No dia 7 de fevereiro, ante
o anúncio do Governo alemão, o Governo Brasileiro se manifesta, encaminhando, através
da nossa Representação em Berlim, uma Nota em que conclui dizendo:
“Por
isso o Governo Brasileiro, não obstante o seu sincero e vivo desejo de evitar
divergências com as nações amigas, ora em luta armada, sente-se no dever de
protestar contra esse bloqueio, como efetivamente protesta e, em consequência
disso, de deixar ao governo imperial alemão a responsabilidade de todos aqueles
casos que se derem com cidadãos, mercadorias e navios brasileiros, desde que se
verifique a postergação dos princípios reconhecidos do direito internacional ou
atos convencionais em que o Brasil e a Alemanha sejam partes”.[i]
Rui Barbosa, um
entusiasta em defesa da tomada de posição do Brasil na guerra, se manifesta
dizendo que a Nota Brasileira se tratava de um simples e tímido protesto. Disse
ele ao jornal carioca A NOITE, edição de 10 de fevereiro de 1917:
“...
a Nota é meramente um protesto, cujo objetivo declarado se resume a notificar a
Alemanha de que, se cumprir o que ameaça, será ela a responsável pelos seus
atos. Ora, não era necessário uma declaração do Brasil para se saber que a
Alemanha é responsável pelos atos da Alemanha. A Nota não contém mais nada.”
Ignorando
a “Nota”, os alemães torpedeiam, a 4 de abril, o navio brasileiro Paraná, na
costa da França. Dois dias depois, os Estados Unidos declaram guerra à
Alemanha. No dia seguinte foi a vez de Cuba e Panamá.
Apenas
alguns dias depois, a 11 de abril, o Brasil rompe relações diplomáticas com a
Alemanha.
No
dia 20 de maio, outro navio brasileiro, o Tijuca, foi torpedeado perto da costa
francesa por submarino alemão.
Nos
meses seguintes o Brasil confiscou, a título de “indenização de guerra”, 42
navios alemães que se achavam em nossos portos, e os incorporou à frota do
Lloyd Brasileiro.
Dando
prosseguimento a sua escalada, a Alemanha volta a atacar um navio brasileiro. A 22 de maio de 1917, o “Lapa” foi atingido por três tiros de canhão disparados por
um submarino. O
cônsul brasileiro em Cádiz, Sr. Matheus Albuquerque, alagoano de Porto Calvo,
prestou apoio às vítimas e conduziu inquérito para apurar caso.
Um
dos navios alemães confiscados pelo Brasil, o “Palatia”, rebatizado com o nome
de “MACAU”, chega ao porto do Rio de Janeiro no dia 7 de setembro de 1917,
procedente de Santos-SP, onde recebera reparos. A 17 de setembro, segue para a França,
com carregamento de 92.000 sacos, sendo 52.000 de café e 40.000 de feijão e
outros cereais apanhados no porto do Rio de Janeiro. Tentaria romper o bloqueio
alemão, a exemplo do que já conseguira os vapores Jacuhy e Corcovado. Para
tanto, o Lloyd Brasileiro fez um seguro de 100 mil libras junto ao Lloyd Belga.
Importante
reunião é convocada pelo Presidente Wenceslau Brás, tendo como pauta a
discussão da neutralidade brasileira na guerra.

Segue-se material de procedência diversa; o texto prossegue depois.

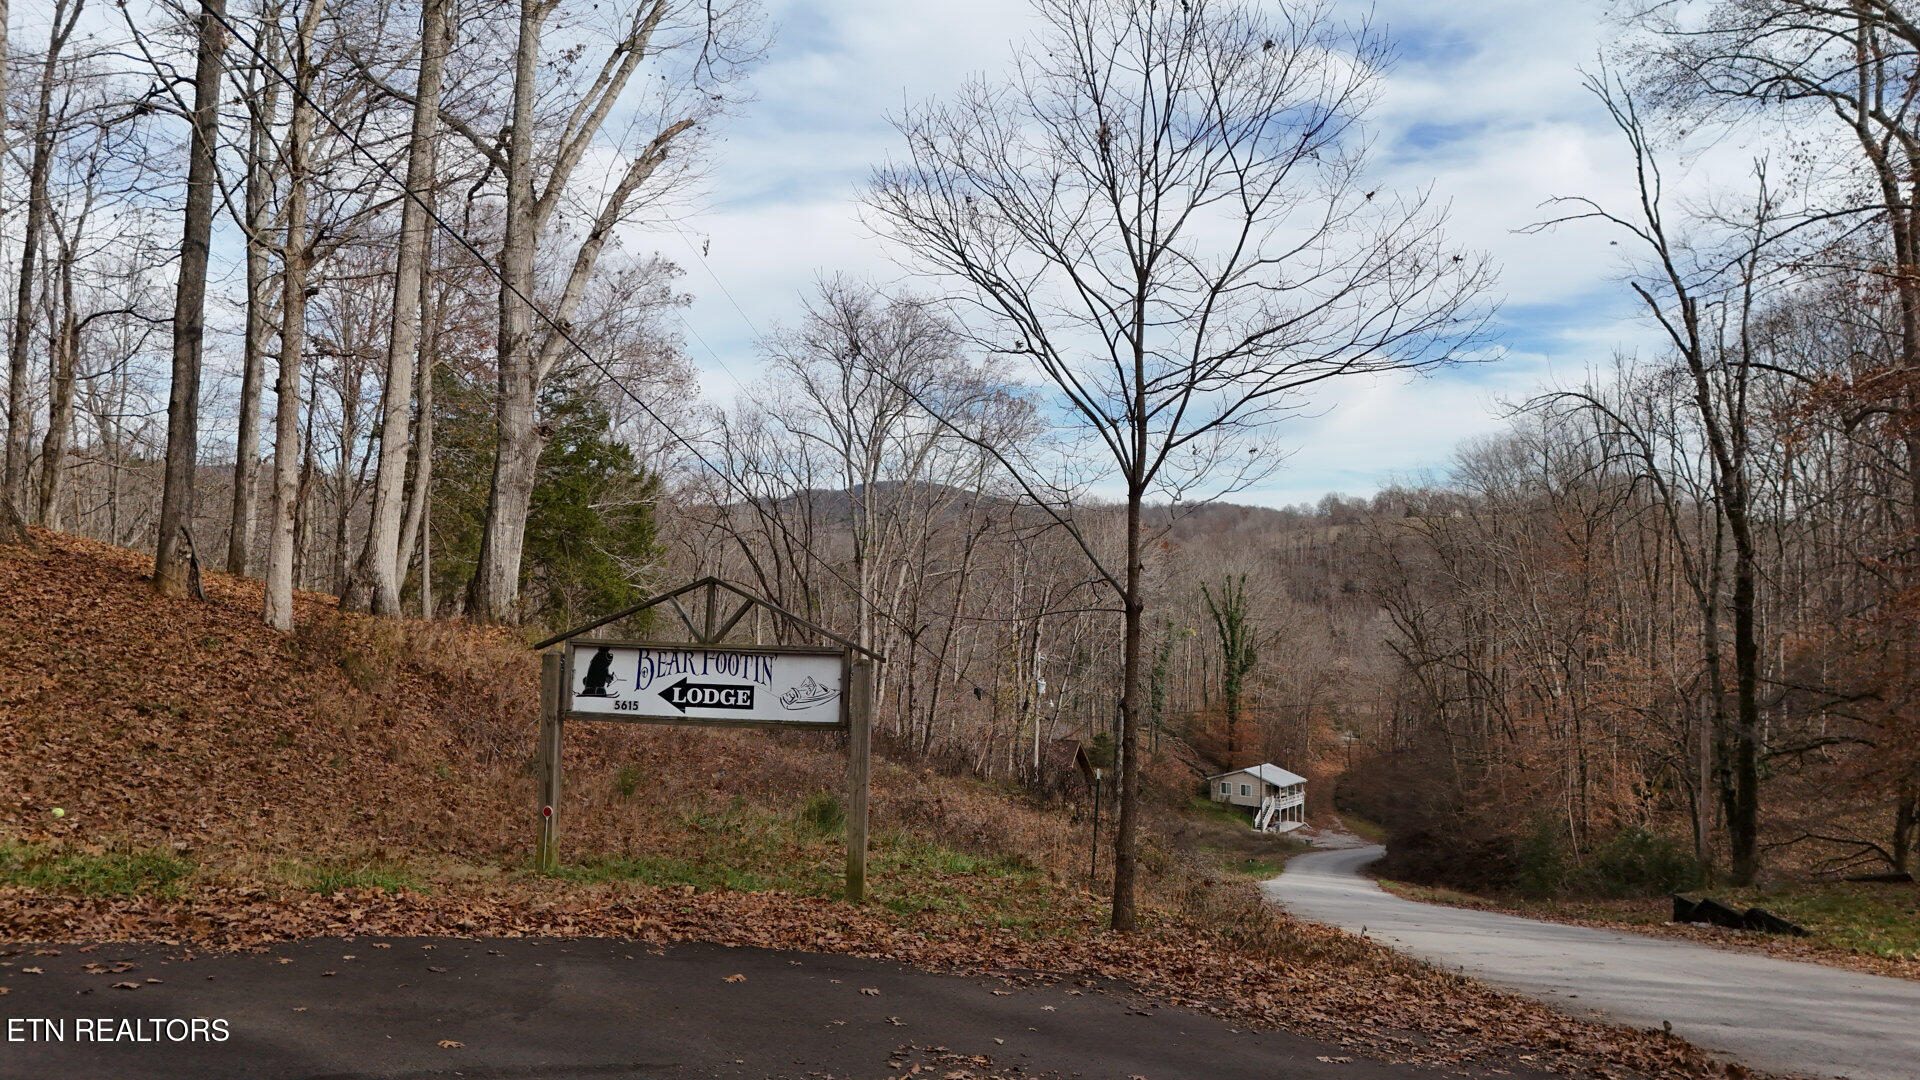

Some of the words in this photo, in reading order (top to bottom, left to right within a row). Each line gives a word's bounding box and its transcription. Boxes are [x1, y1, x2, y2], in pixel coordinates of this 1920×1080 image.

[634, 648, 699, 692] BEAR
[613, 700, 639, 711] 5615
[672, 687, 751, 706] LODGE
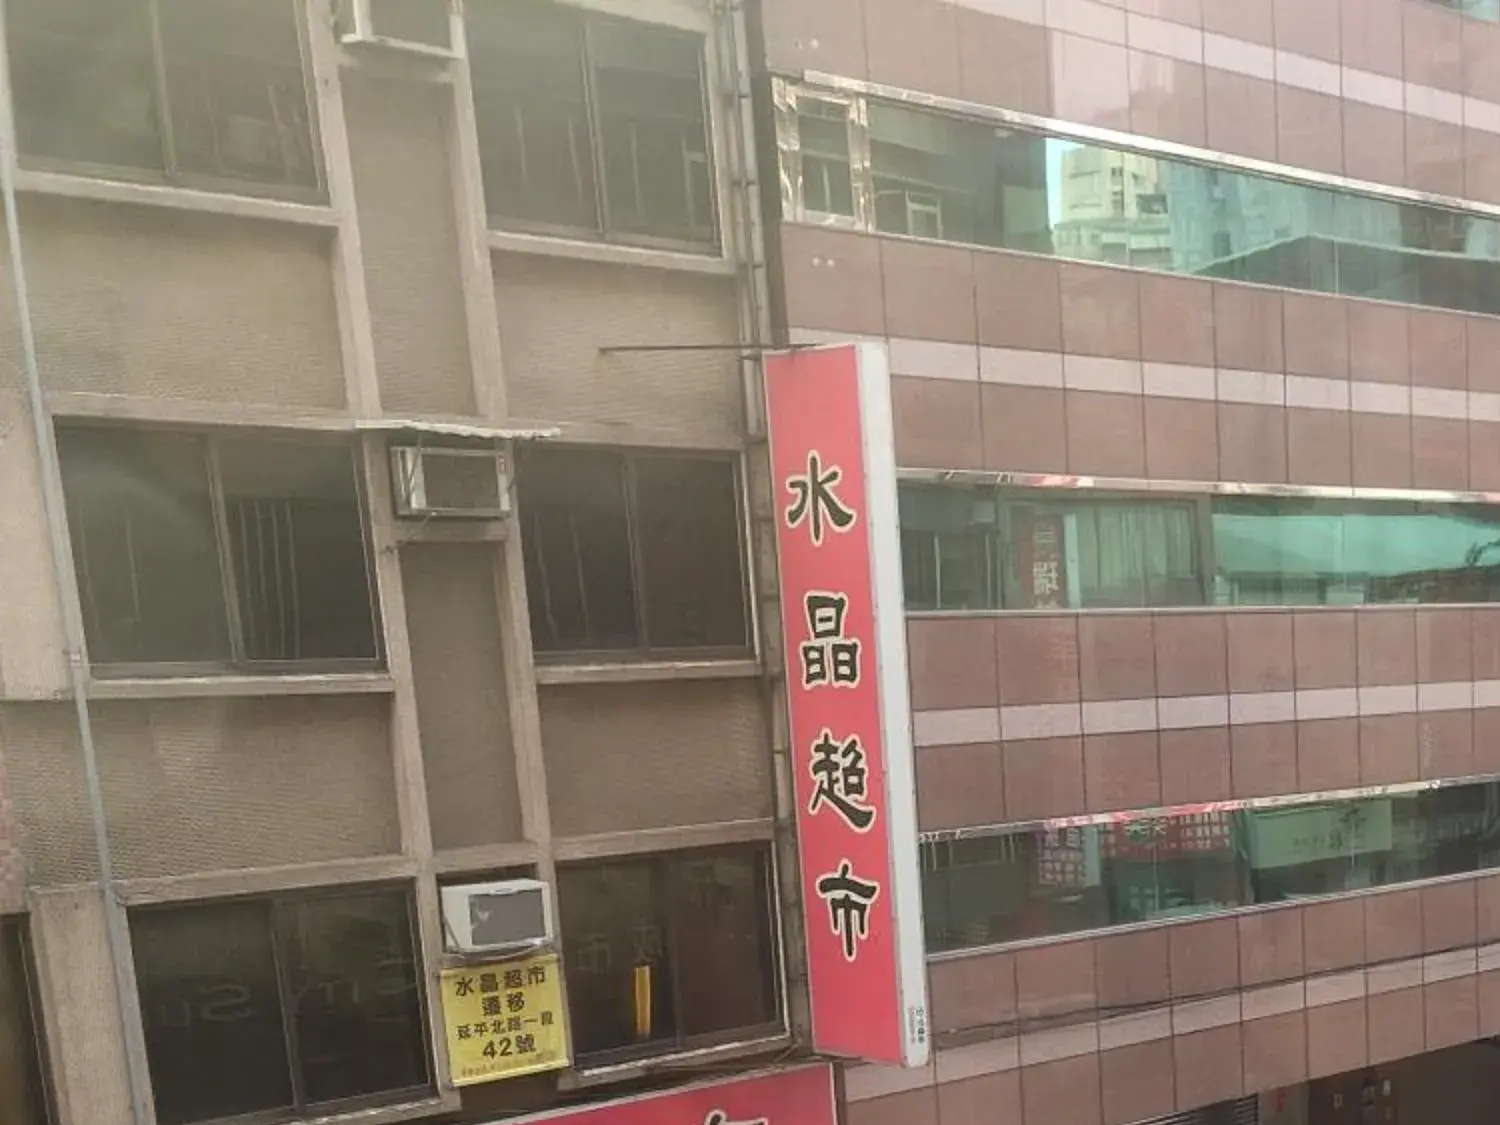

Palácio do Catete, 27/05/2017. Reunião para
discutir a neutralidade brasileira. Da esquerda para a direita: Nilo Peçanha,
Rui Barbosa, o Presidente Wenceslau Brás, Rodrigues Alves e o Vice-Presidente
Urbano Santos. Foto: Fon-Fon.
Fabricado em 1912, e com tonelagem de 3.557,
o navio possuía excelentes camarotes para a oficialidade e confortáveis
alojamentos para toda a tripulação. Prestava-se muito bem à temerária travessia
até o porto de Havre, França, para onde seguia com “carta de prego”. Essa é uma expressão utilizada para definir “carta fechada, contendo instruções secretas,
as quais só devem ser conhecidas em determinadas circunstâncias e em determinado
local.”.
Para essa arrojada empreitada, o Lloyd
convocou um experimentado Comandante, o Capitão Saturnino de Mendonça, cuja
nomeação aconteceu no dia 1º de agosto.
Já em 1889, ele morava no Rio de Janeiro e
frequentava o Curso de Náutica do Lyceo Literário Português, uma Instituição de
Ensino filantrópica, sem fins lucrativos, fundada por imigrantes portugueses.[ii]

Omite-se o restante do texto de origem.